Exercise details — Retype each line below precisely and omit all images.

Saved data entries
———
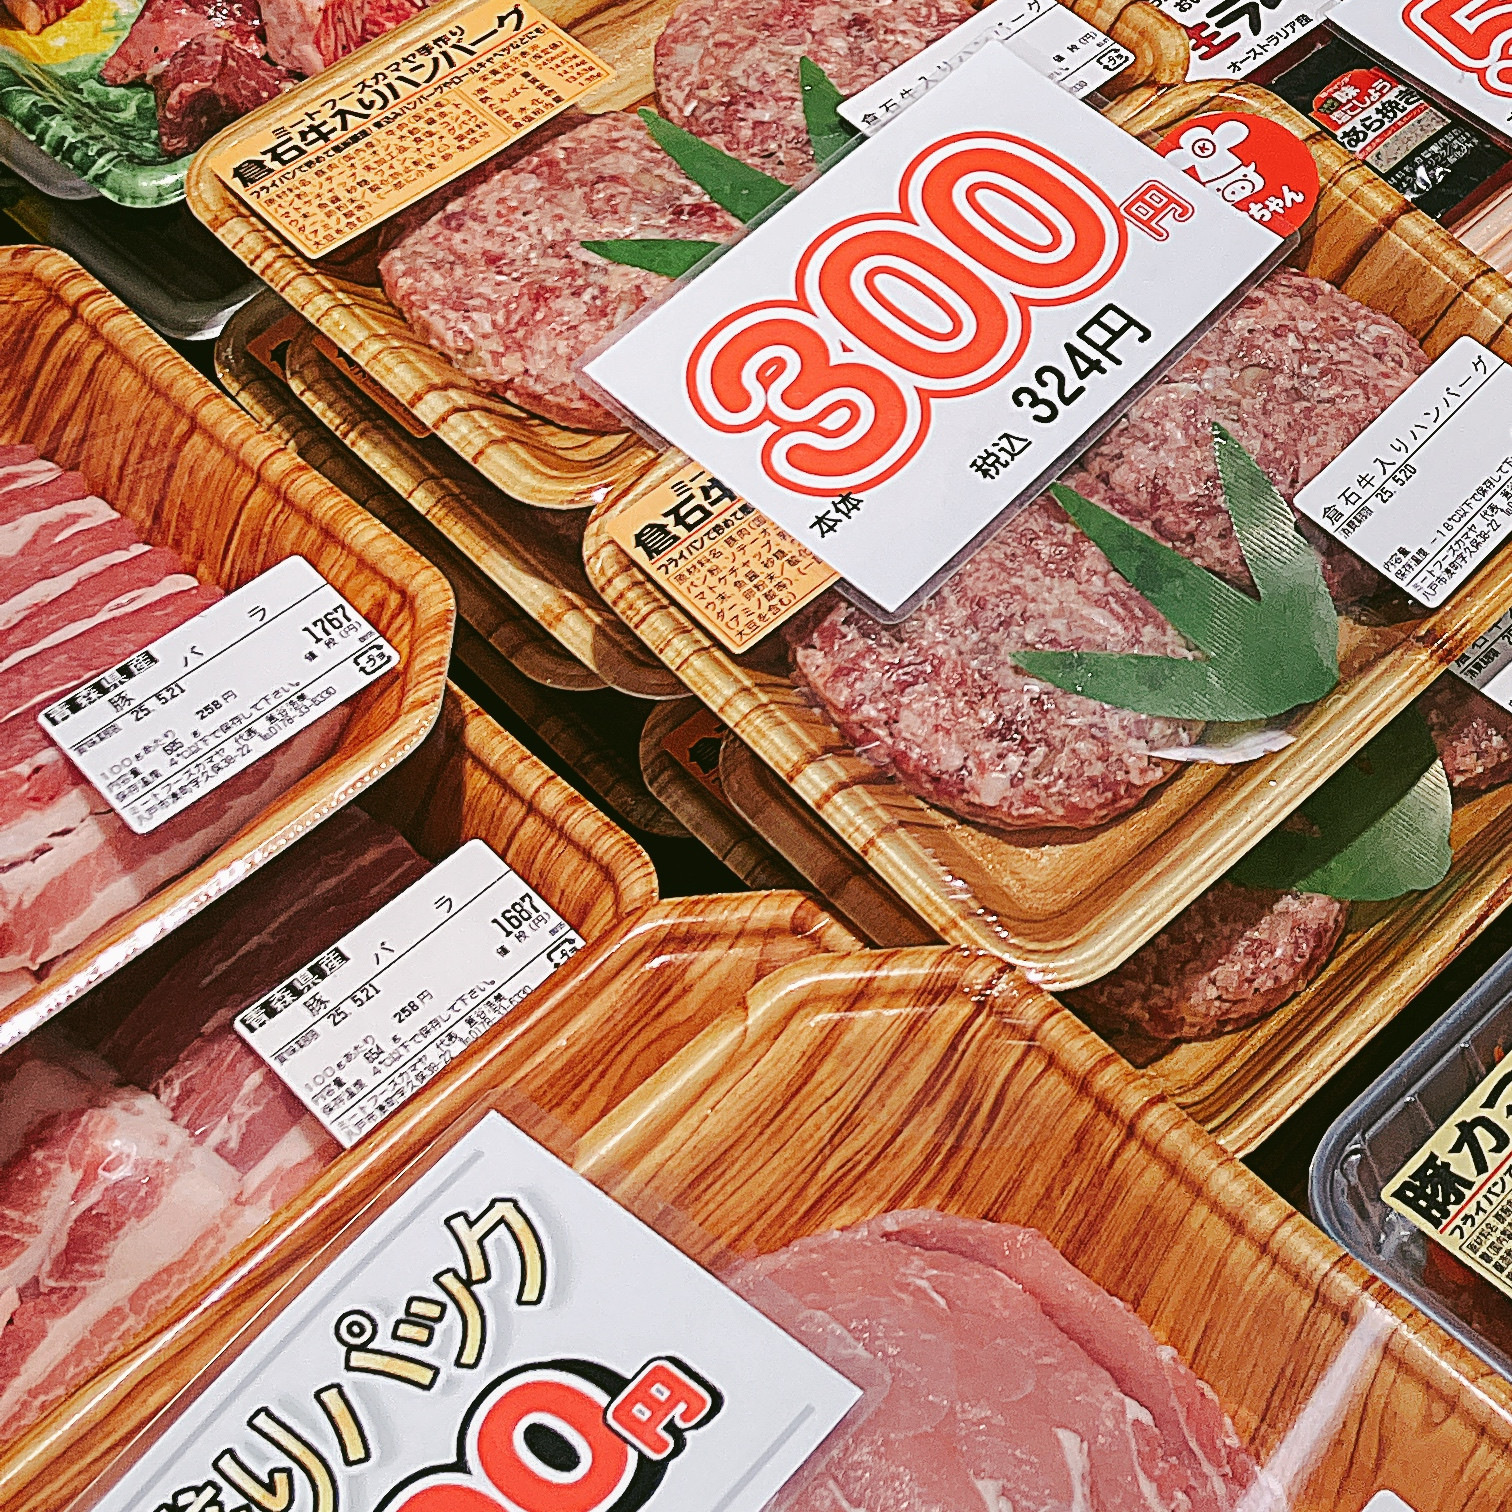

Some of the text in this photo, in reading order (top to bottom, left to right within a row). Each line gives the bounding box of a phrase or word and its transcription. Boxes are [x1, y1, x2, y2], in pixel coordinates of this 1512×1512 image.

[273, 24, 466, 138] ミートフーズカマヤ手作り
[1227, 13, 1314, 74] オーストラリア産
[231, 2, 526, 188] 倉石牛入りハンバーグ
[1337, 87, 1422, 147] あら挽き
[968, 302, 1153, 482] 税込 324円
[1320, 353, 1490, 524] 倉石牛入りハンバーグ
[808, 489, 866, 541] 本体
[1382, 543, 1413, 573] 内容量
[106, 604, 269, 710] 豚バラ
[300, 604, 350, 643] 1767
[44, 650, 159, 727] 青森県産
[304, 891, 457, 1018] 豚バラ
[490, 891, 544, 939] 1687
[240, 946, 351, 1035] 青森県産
———
Solution for this problem —
Some of the text in this photo, in reading order (top to bottom, left to right within a row). Each line gives the bounding box of a phrase or word and its transcription. Boxes are [x1, y1, x2, y2], in pixel coordinates of this 1512×1512 image.

[273, 24, 466, 138] ミートフーズカマヤ手作り
[1227, 13, 1314, 74] オーストラリア産
[231, 2, 526, 188] 倉石牛入りハンバーグ
[1337, 87, 1422, 147] あら挽き
[968, 302, 1153, 482] 税込 324円
[1320, 353, 1490, 524] 倉石牛入りハンバーグ
[808, 489, 866, 541] 本体
[1382, 543, 1413, 573] 内容量
[106, 604, 269, 710] 豚バラ
[300, 604, 350, 643] 1767
[44, 650, 159, 727] 青森県産
[304, 891, 457, 1018] 豚バラ
[490, 891, 544, 939] 1687
[240, 946, 351, 1035] 青森県産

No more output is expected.